Xinliang Liu xinliang.liu at linaro.org
Thu Sep 17 02:28:47 PDT 2015


On 16 September 2015 at 23:23, Daniel Stone <daniel at fooishbar.org> wrote:
Hi Daniel, thank you so much for your good advice:-)
I am xinwei write the hisi drm driver together. I'll reply your comments.

> Hi Xinwei,
> Thanks for this contribution! We look forward to seeing support for
> these devices.
>
> This isn't an exhaustive review, but two very high-level comments
> which should result in a lot of changes ...
>
> On 15 September 2015 at 10:37, Xinwei Kong
> <kong.kongxinwei at hisilicon.com> wrote:
> > 1. Hardware Detail
> >   The display subsystem of Hi6220 SoC is shown as bellow:
> >  +-----+       +----------+     +-----+     +---------+
> >  |     |       |          |     |     |     |         |
> >  | FB  |------>|   ADE    |---->| DSI |---->| External|
> >  |     |       |          |     |     |     |  HDMI   |
> >  +-----+       +----------+     +-----+     +---------+
> >
> > - ADE(Advanced Display Engine) is the display controller. It contains 7
> > channels or pipes, 3 overlay and a LDI.
> >   - A channel/pipe looks like: DMA-->clip-->scale-->ctrans/csc.
> >   - Overlay is response to compose planes which come from 7 channels and
> >   pass composed image to LDI.
>
> This terminology is backwards from what we usually use in DRM, where
> an overlay is a special case of DRM planes, and pipes are DRM CRTCs.
>

I think I misunderstood the pipe terminology. I thought pipe is same as
plane before,
but now I understand that a pipe will has its own CRTC and generally
different pipe
handle different display content, right?
And in our SoC, a Overlay component do the same thing as a compositor.

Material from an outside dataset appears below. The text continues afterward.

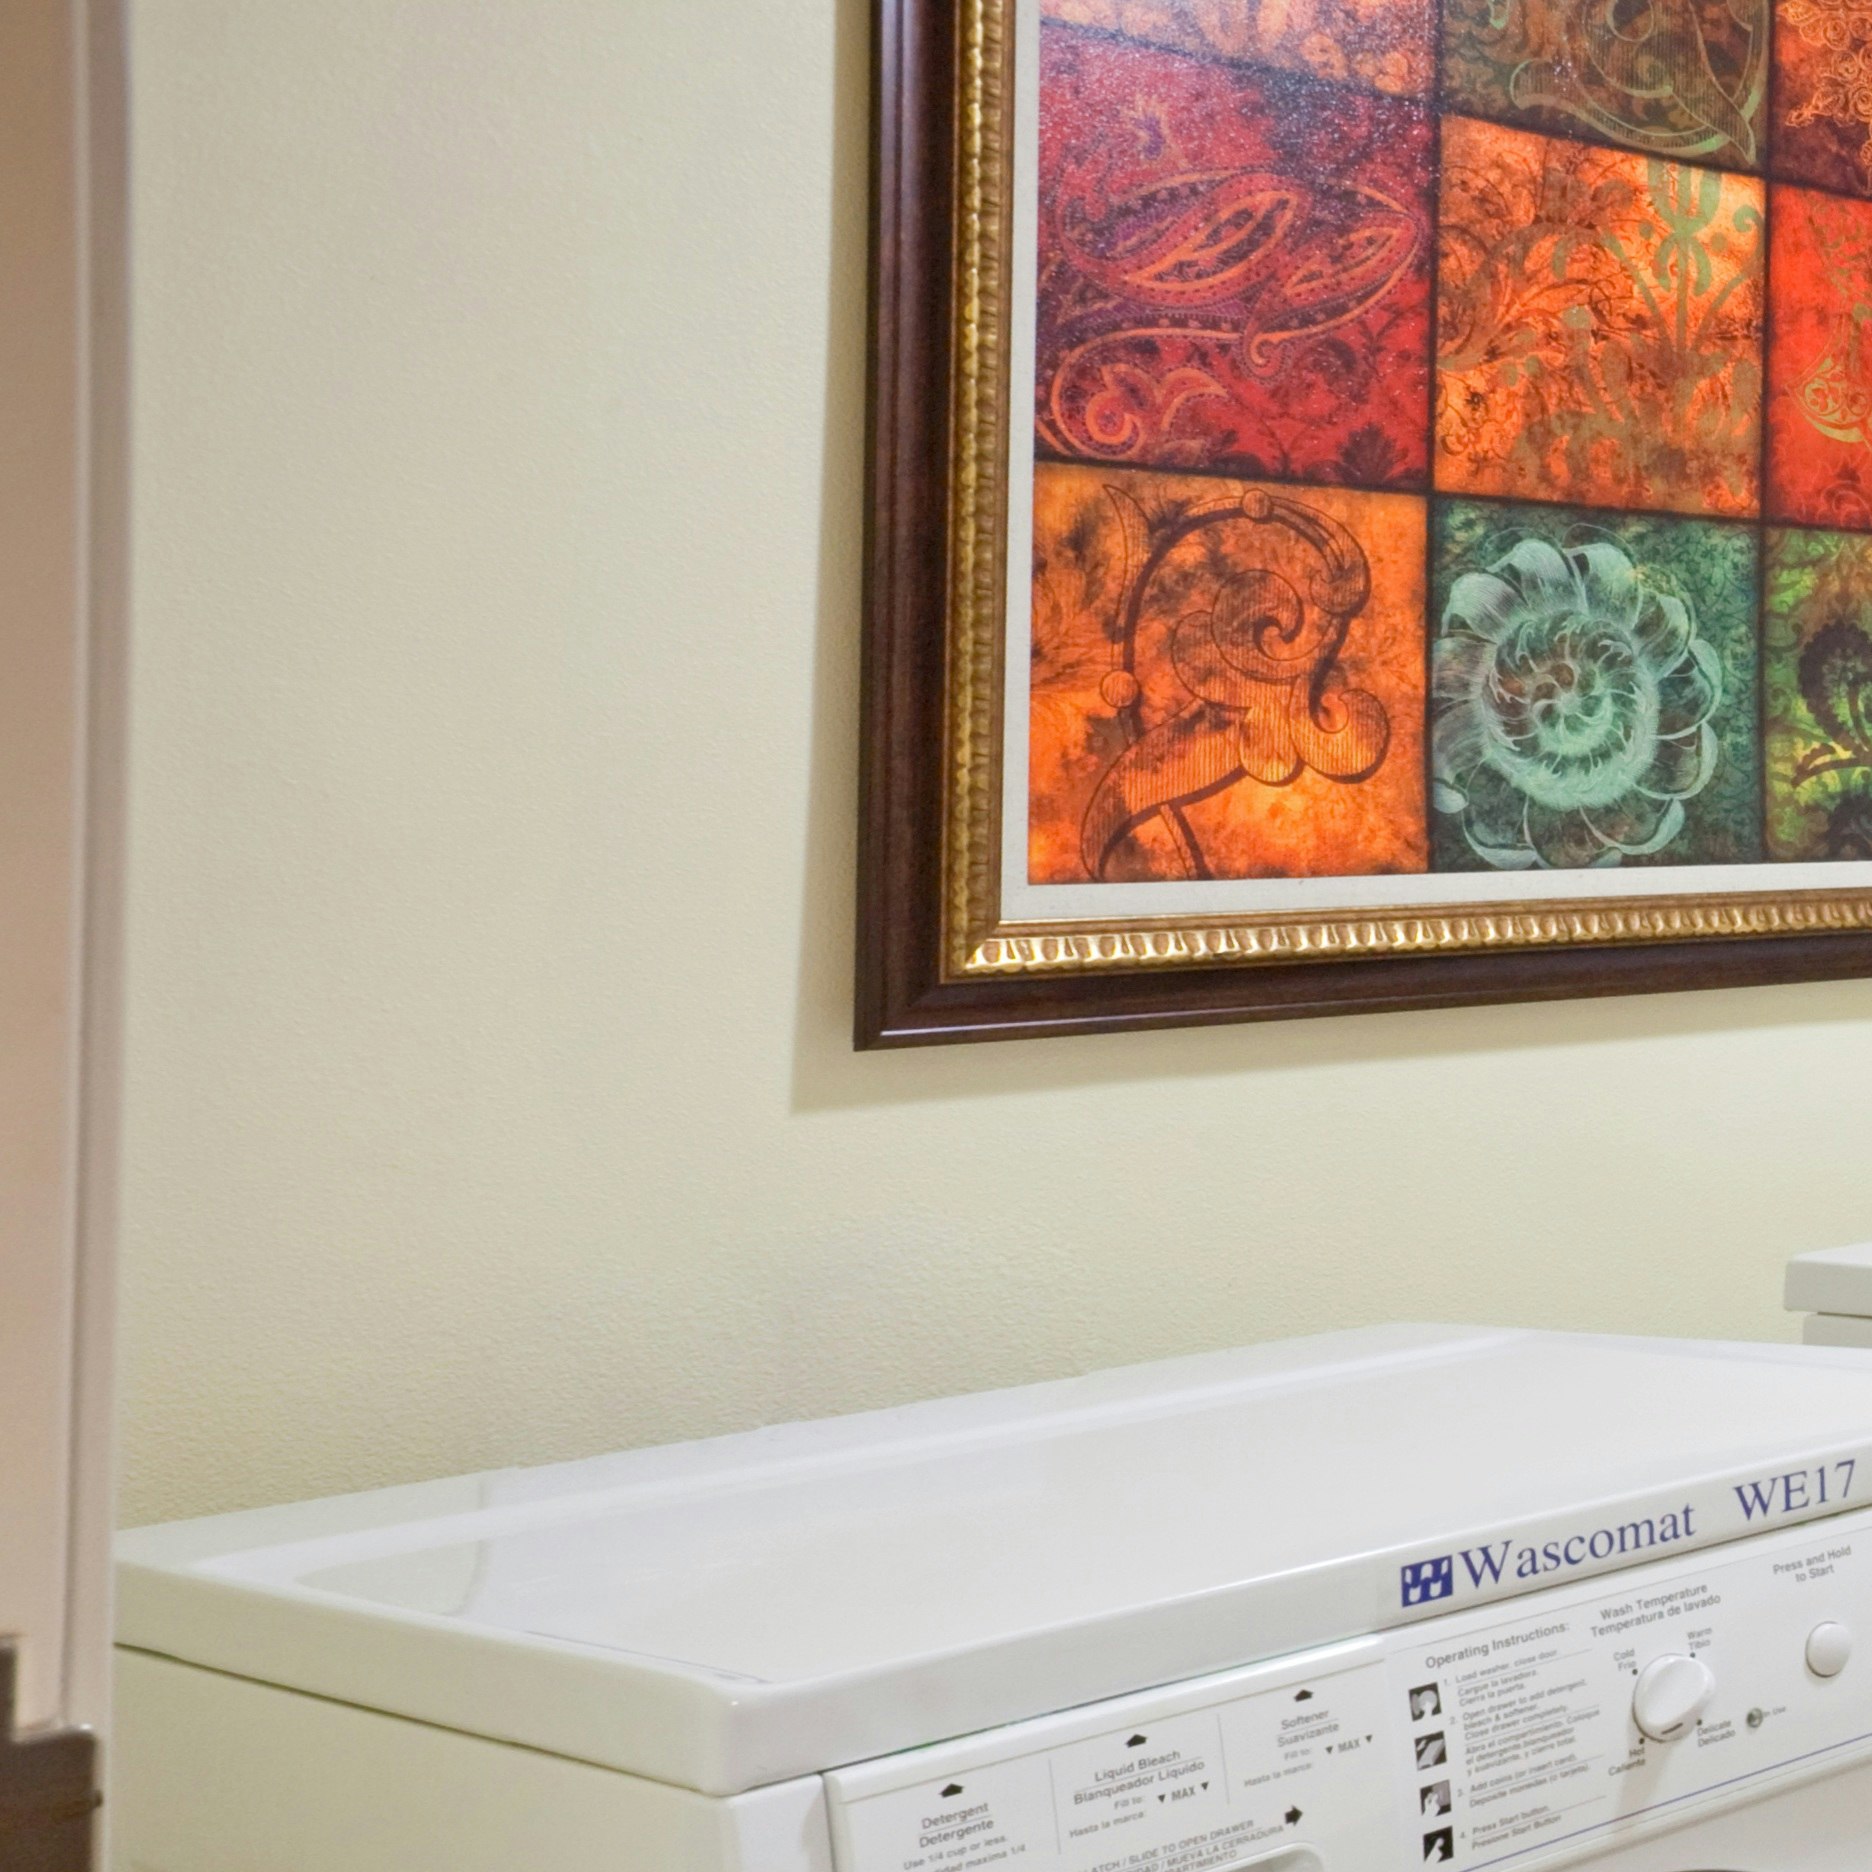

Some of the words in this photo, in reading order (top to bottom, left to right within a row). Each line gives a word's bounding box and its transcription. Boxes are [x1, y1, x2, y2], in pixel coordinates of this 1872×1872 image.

And
a channel
may handle the primary plane or a overlay plane.

>
> >   - LDI is response to generate timings and RGB data stream.
> > - DSI converts the RGB data stream from ADE to DSI packets.
> > - External HDMI module is connected with DSI bus. Now Hikey use a ADI's
> >   ADV7533 external HDMI chip.
>
> So this is basically just an implementation detail of DSI?

Yes.


> > 2. Software Detail
> >   About the software organization and implementation detail:
> > We have a main drm platform driver (hisi_drm_drv.c), ade platform driver
> > (hisi_ade.c) and a dsi platform driver (hisi_drm_dsi.c). Ade driver
> > implements the plane and crtc driver interfaces and dsi implements the
> > encoder and connector driver interfaces. We take advantage of component
> > framework to initialize each driver.
> >   In order to support multi coming Hisilicon's SoCs, we plan to separate
> > common driver code and SoC specific implemented code as possiple as we
> can.
> > We abstract an ops for each component(crtc, plane, encoder and connector)
> > to reuse the common interface implementation logic (FIXME: Not sure if we
> > can achieve this target and if it is good or not). Thus, we put these
> > common driver code into hisi_drm_drv/crtc/plane/encoder/connector.c
> files.
>
> Please do not do this; in general, the abstraction layers cause more
> problems than they create. We have only just finished removing all the
> abstraction layers from drivers/gpu/drm/exynos/, which started off
> with exactly the same idea, but only created problems. The issue is
> that every time the DRM core interface changes, you have to make the
> exact same changes in your copies of the interface. In general, there
> seems to be no benefit to having these here: you can just assign the
> DRM functions directly according to generation. See current Exynos for
> an example of this.
>

OK, actually, I also think a  abstraction layer may not good when we finish
it.
We will drop the abstraction in next version of patch.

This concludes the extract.